Adjuvant whole abdominal irradiation in clinical stages I and II papillary serous or clear cell carcinoma of the endometrium: a phase II study of the Gynecologic Oncology Group.

OBJECTIVES: To evaluate outcome in patients with clinical stage I/II papillary serous (PS) or clear cell (CC) endometrial carcinoma treated with whole abdominal radiotherapy. METHODS: After total abdominal hysterectomy with bilateral salpingo-oophorectomy, pelvic/para-aortic lymph node sampling, and peritoneal washings, eligible patients received radiotherapy (RT) to the abdomen (3000 cGy at 150 cGy/day) with a pelvic boost (1980 cGy at 180 cGy/day). RESULTS: Among 21 PS patients (median age: 68 years), one refused therapy, and another received a non-protocol vaginal boost. In total, eight patients died of disease (DOD) between 9.6 and 35.2 months. Five others died due to protocol treatment (1), toxicity from subsequent chemotherapy (1), intercurrent disease (1), and unknown cause (2). Five-year progression-free survival (PFS) was 38%. Among treated patients who DOD, sites of recurrence included lung (2), lung/vagina (1), abdomen/pelvis (1), vagina (1), and abdomen (2). Among 13 CC patients (median age: 63 years), one received pelvic RT only and died with intercurrent disease. Five others died due to DOD (3), intercurrent disease (1), and unknown cause (1). Five-year PFS was 54%. Among patients who DOD, sites of recurrence included lung (1), vagina (1), and unknown (1). Grade 3/4 toxicities for both histologic groups included gastrointestinal (three grade 4; three grade 3), hematologic (one grade 4), and cutaneous (one grade 3). CONCLUSIONS: Over half of the treatment failures were within the radiation field.
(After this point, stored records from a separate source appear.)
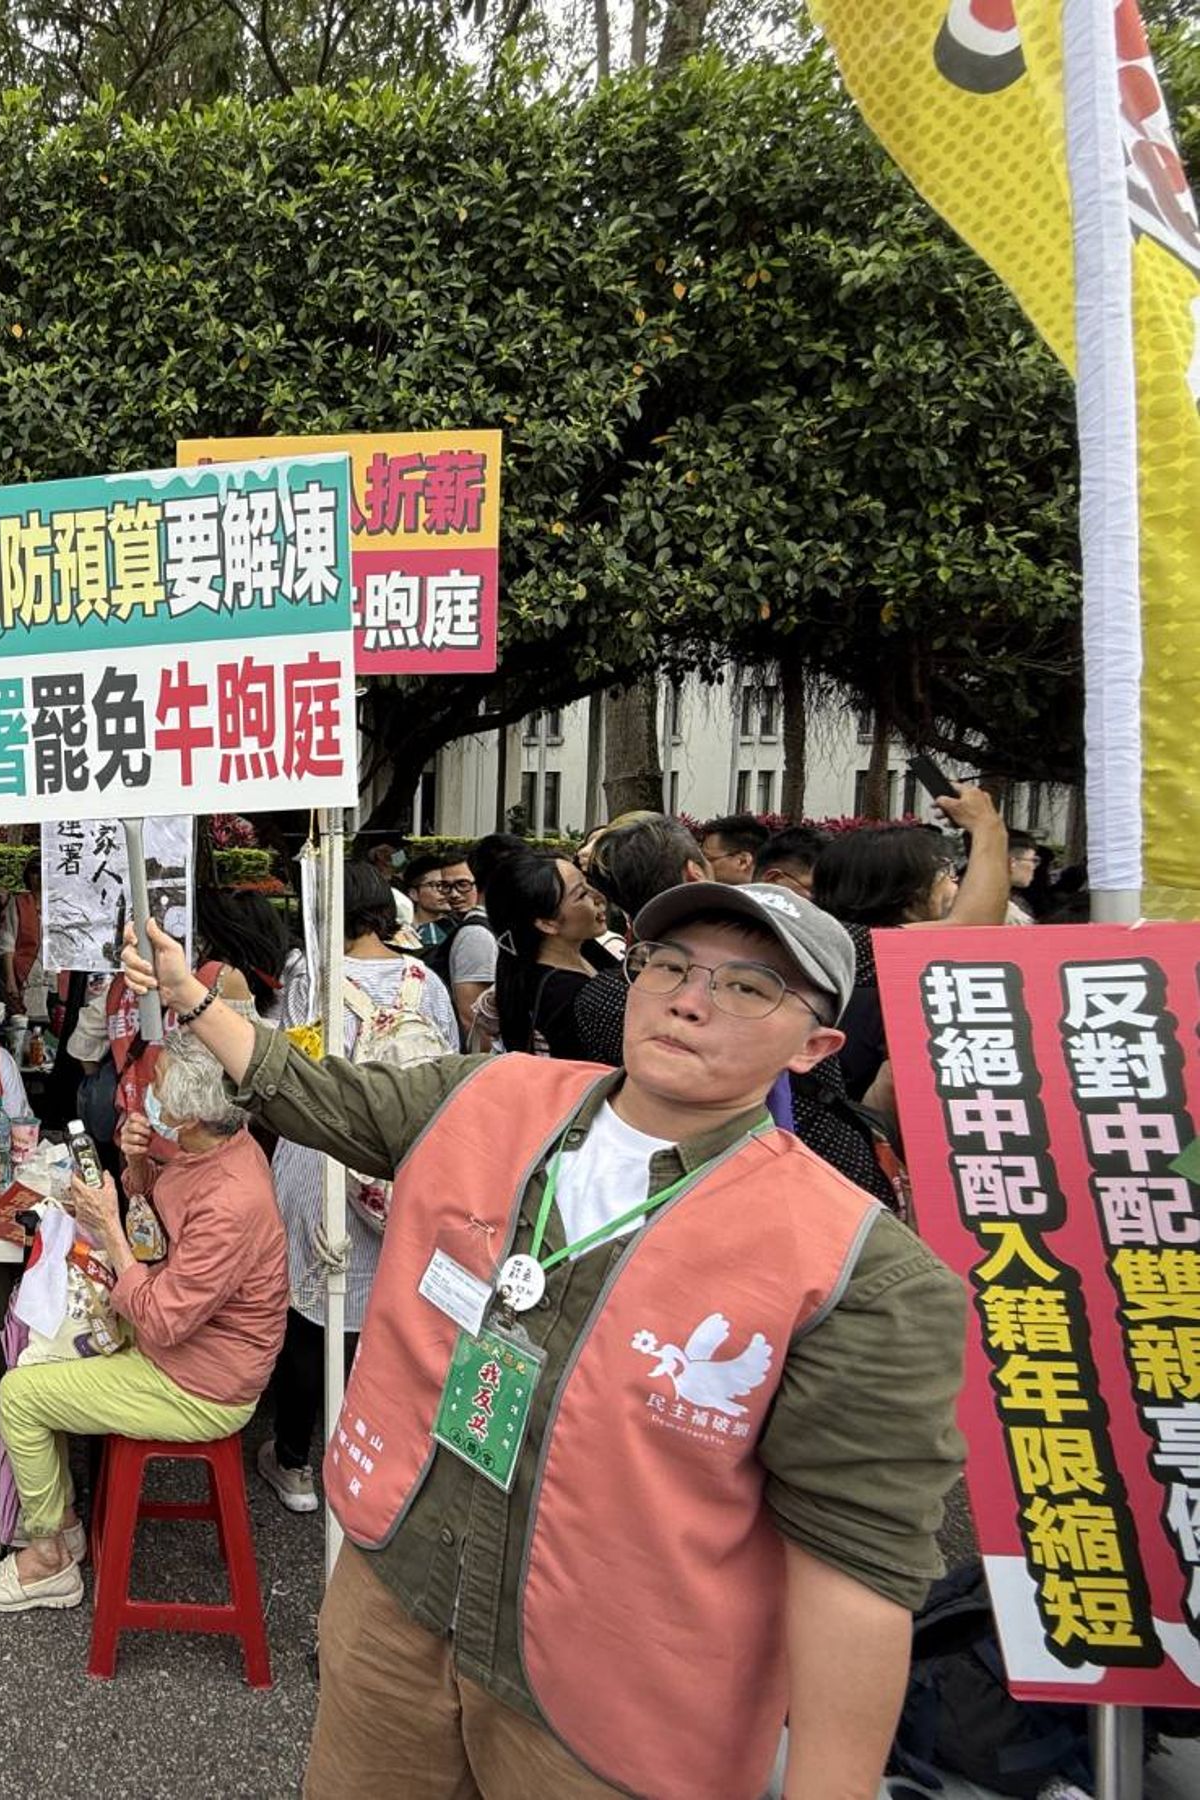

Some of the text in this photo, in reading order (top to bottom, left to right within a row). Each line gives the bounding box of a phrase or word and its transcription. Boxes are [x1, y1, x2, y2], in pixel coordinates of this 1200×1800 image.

[351, 450, 489, 535] 折薪
[352, 570, 482, 651] 煦庭
[923, 965, 1143, 1648] 拒絕中配入籍年限縮短
[1062, 963, 1200, 1622] 反對中配雙親享
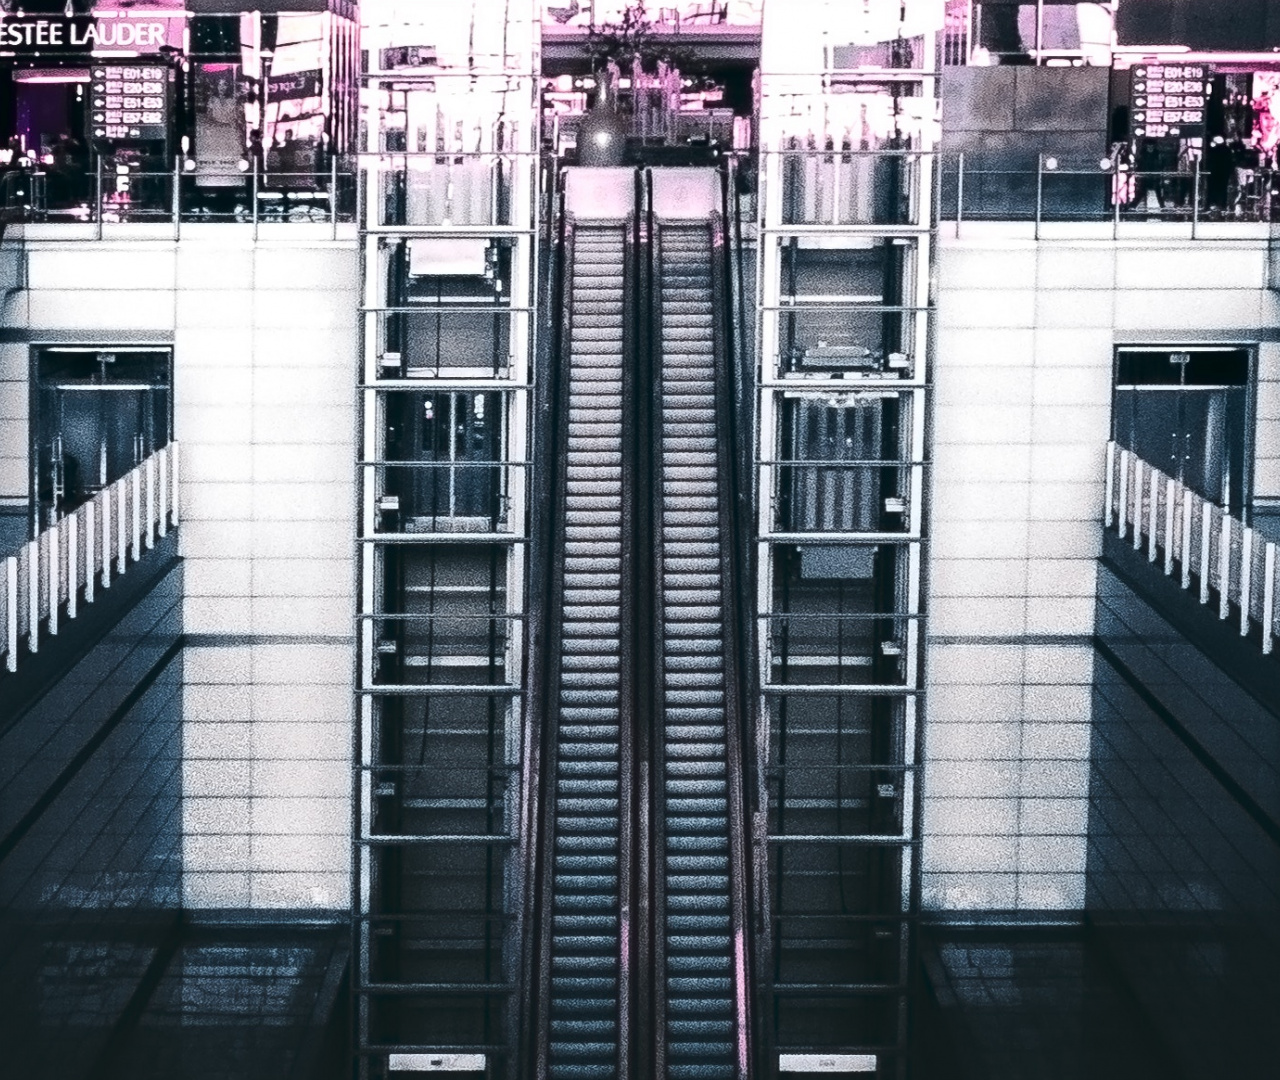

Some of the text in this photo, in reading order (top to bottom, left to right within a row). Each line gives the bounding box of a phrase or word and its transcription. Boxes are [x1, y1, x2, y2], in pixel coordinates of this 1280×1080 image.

[70, 23, 166, 46] LAUDER
[123, 67, 162, 80] E01-E19
[1164, 66, 1203, 79] E01-E19
Systemic chemotherapy, radiosensitizing chemotherapy, or sequential radiation and chemotherapy should be considered in future adjuvant trials for these patients.
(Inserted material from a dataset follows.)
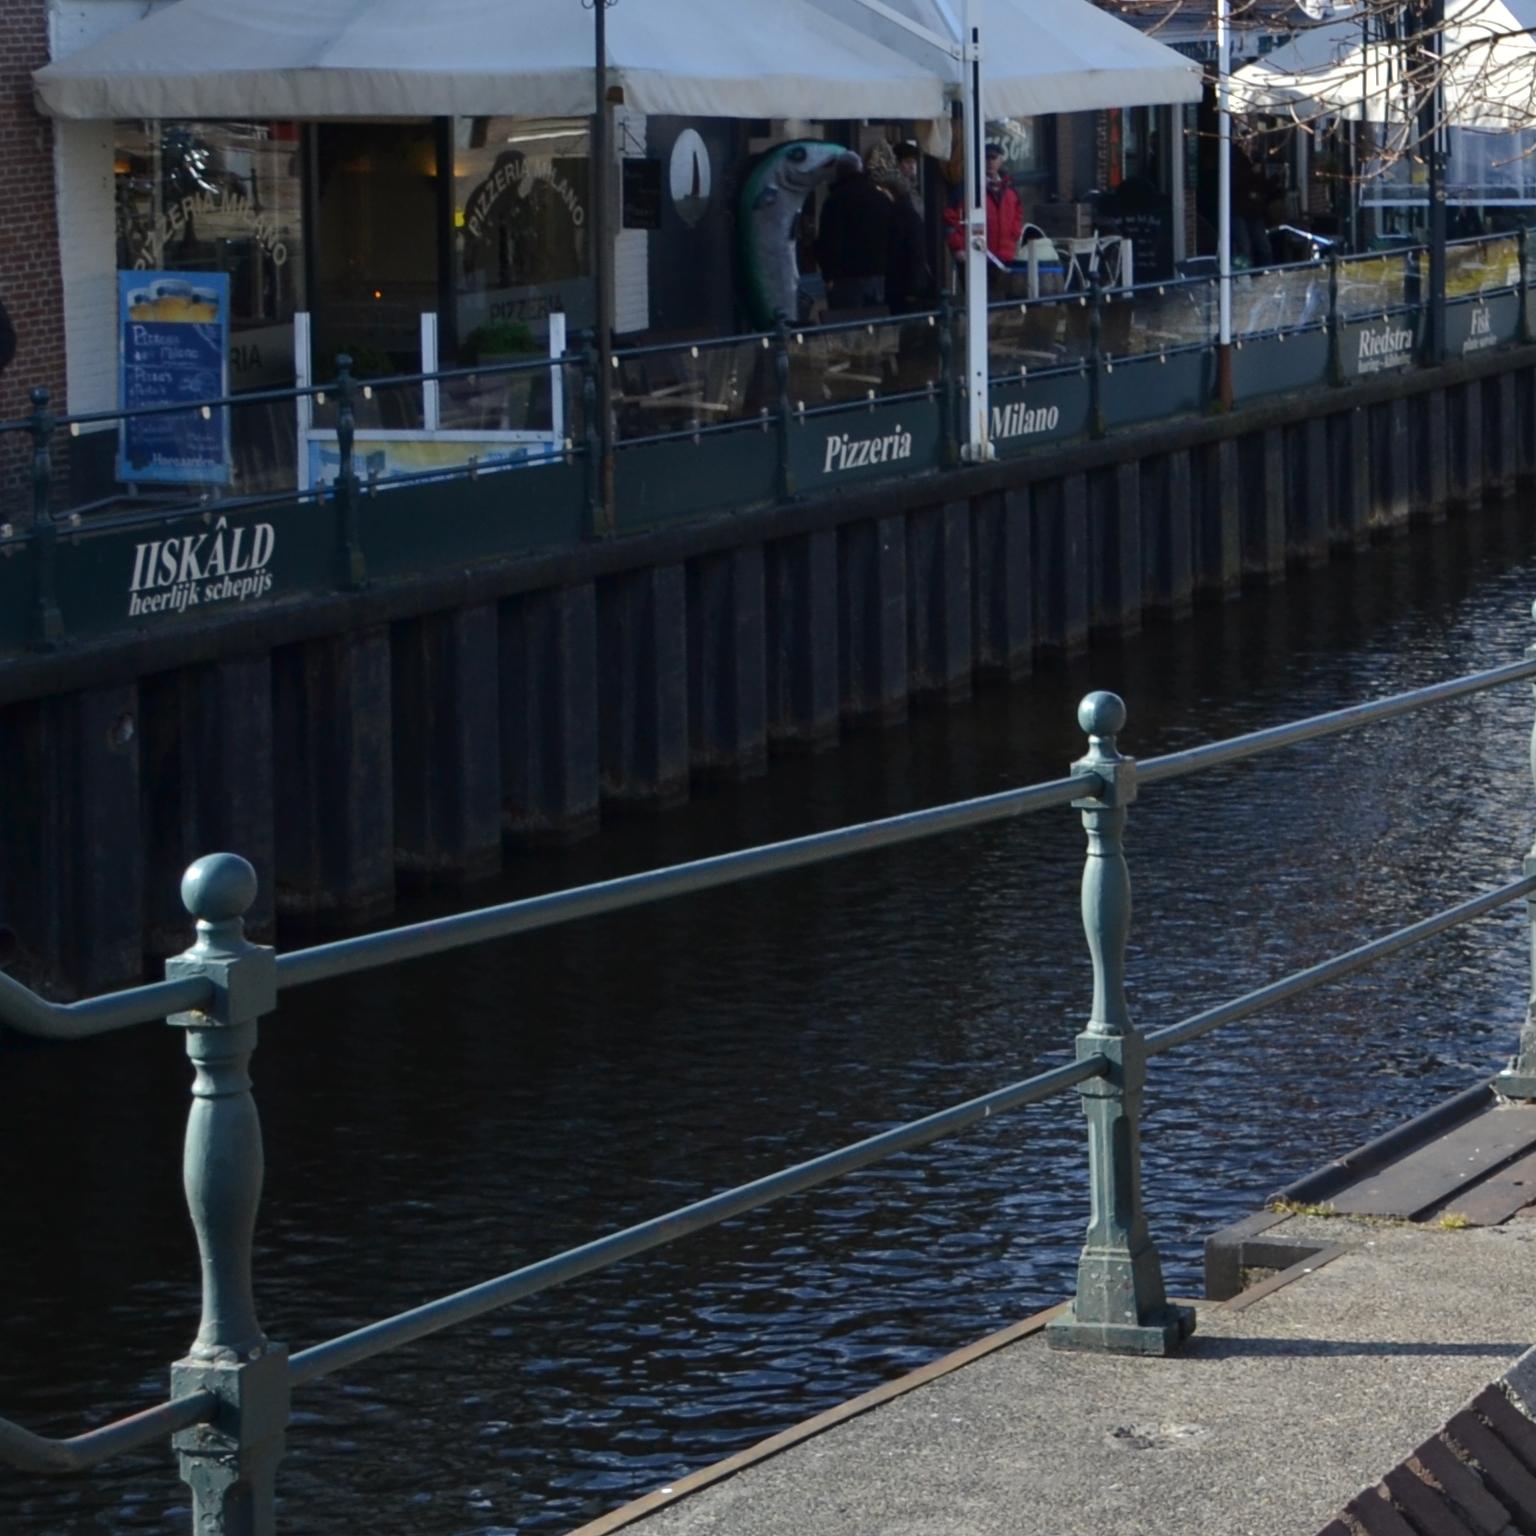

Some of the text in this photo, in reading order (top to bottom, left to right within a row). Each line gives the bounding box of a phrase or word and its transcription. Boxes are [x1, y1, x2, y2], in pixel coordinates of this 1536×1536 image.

Whole abdominal radiotherapy in the adjuvant treatment of patients with stage III and IV endometrial cancer: a gynecologic oncology group study.
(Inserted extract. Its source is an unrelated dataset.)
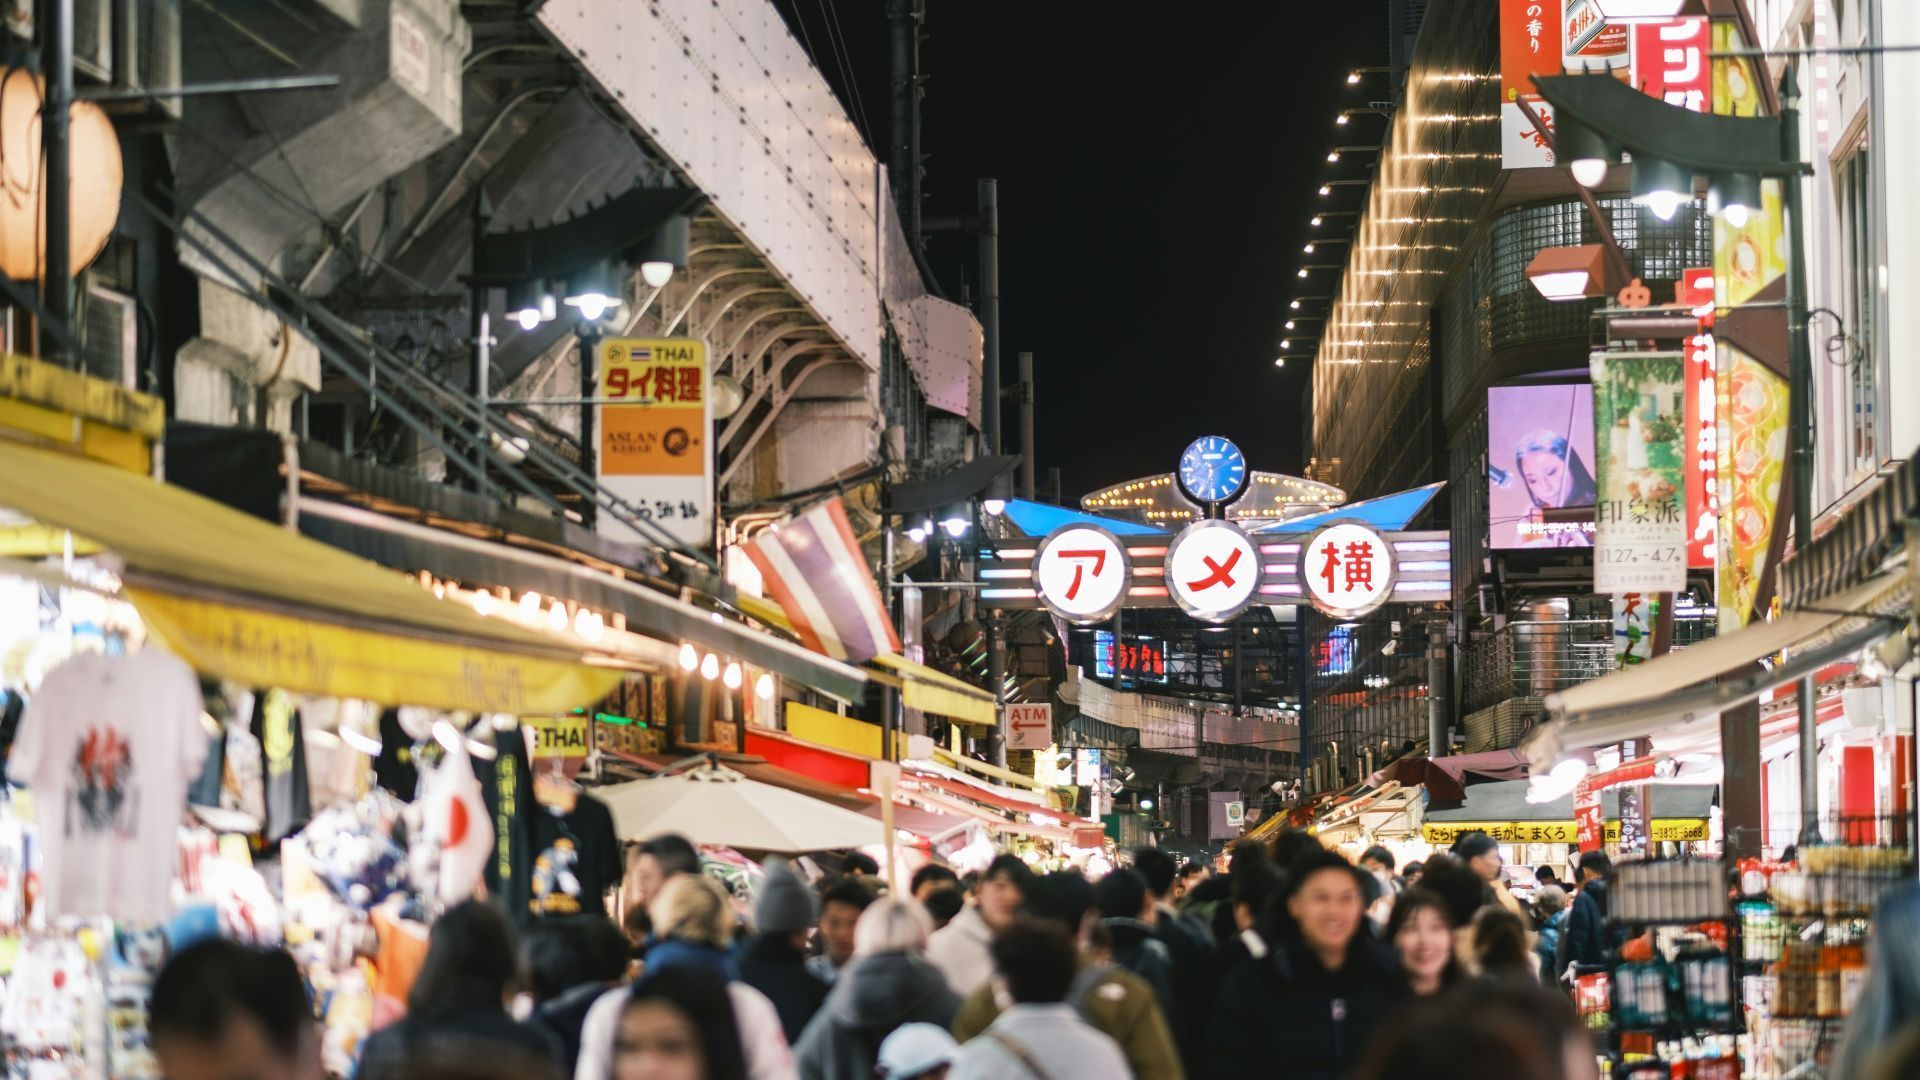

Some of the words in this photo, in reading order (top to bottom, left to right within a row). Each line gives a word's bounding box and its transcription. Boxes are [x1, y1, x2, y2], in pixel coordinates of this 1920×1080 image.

OBJECTIVE: To evaluate toxicity, survival, and recurrence-free interval in women with loco-regionally advanced endometrial carcinoma treated with postoperative whole abdominal radiation therapy. METHODS: Whole abdominal irradiation with pelvic plus or minus para-aortic boost was initiated within 8 weeks of total abdominal hysterectomy, bilateral salpingo-oophorectomy, pelvic washings, and selective pelvic and para-aortic node sampling in eligible, consenting patients. RESULTS: Of 180 evaluable patients entered on the study with surgically staged III and IV endometrial carcinoma maximally debulked to less than 2 cm, 77 had typical endometrial adenocarcinoma and 103 had high-risk histology, either papillary serous or clear cell carcinoma. Patients with typical endometrial adenocarcinoma were significantly younger and had significantly fewer poorly differentiated cancers. Proportionally, there were twice as many non-Whites with high-risk histologies as non-Whites with typical endometrial adenocarcinoma. Forty-five percent of patients with typical endometrial adenocarcinomas had positive pelvic nodes compared to 51% of those with high-risk histologies. Both histologic groups had similar distribution for performance status, para-aortic node positivity, site and extent of disease, and International Federation of Gynecology and Obstetrics (FIGO) stage. The frequency of severe or life-threatening adverse effects among 174 patients evaluable for radiation toxicity included 12.6% with bone marrow depression, 15% GI, and 2.2% hepatic toxicity. The recurrence-free survival rates were 29% and 27% (at 3 years) for the typical endometrial adenocarcinoma and high-risk histologies, respectively. The survival rates were 31% and 35%, respectively. No patient with gross residual disease survived. CONCLUSION: Whole abdominal irradiation in maximally resected advanced endometrial carcinoma has tolerable toxicity, and it is suggested that the outcome may be improved by this adjunctive treatment in patients with completely resected disease.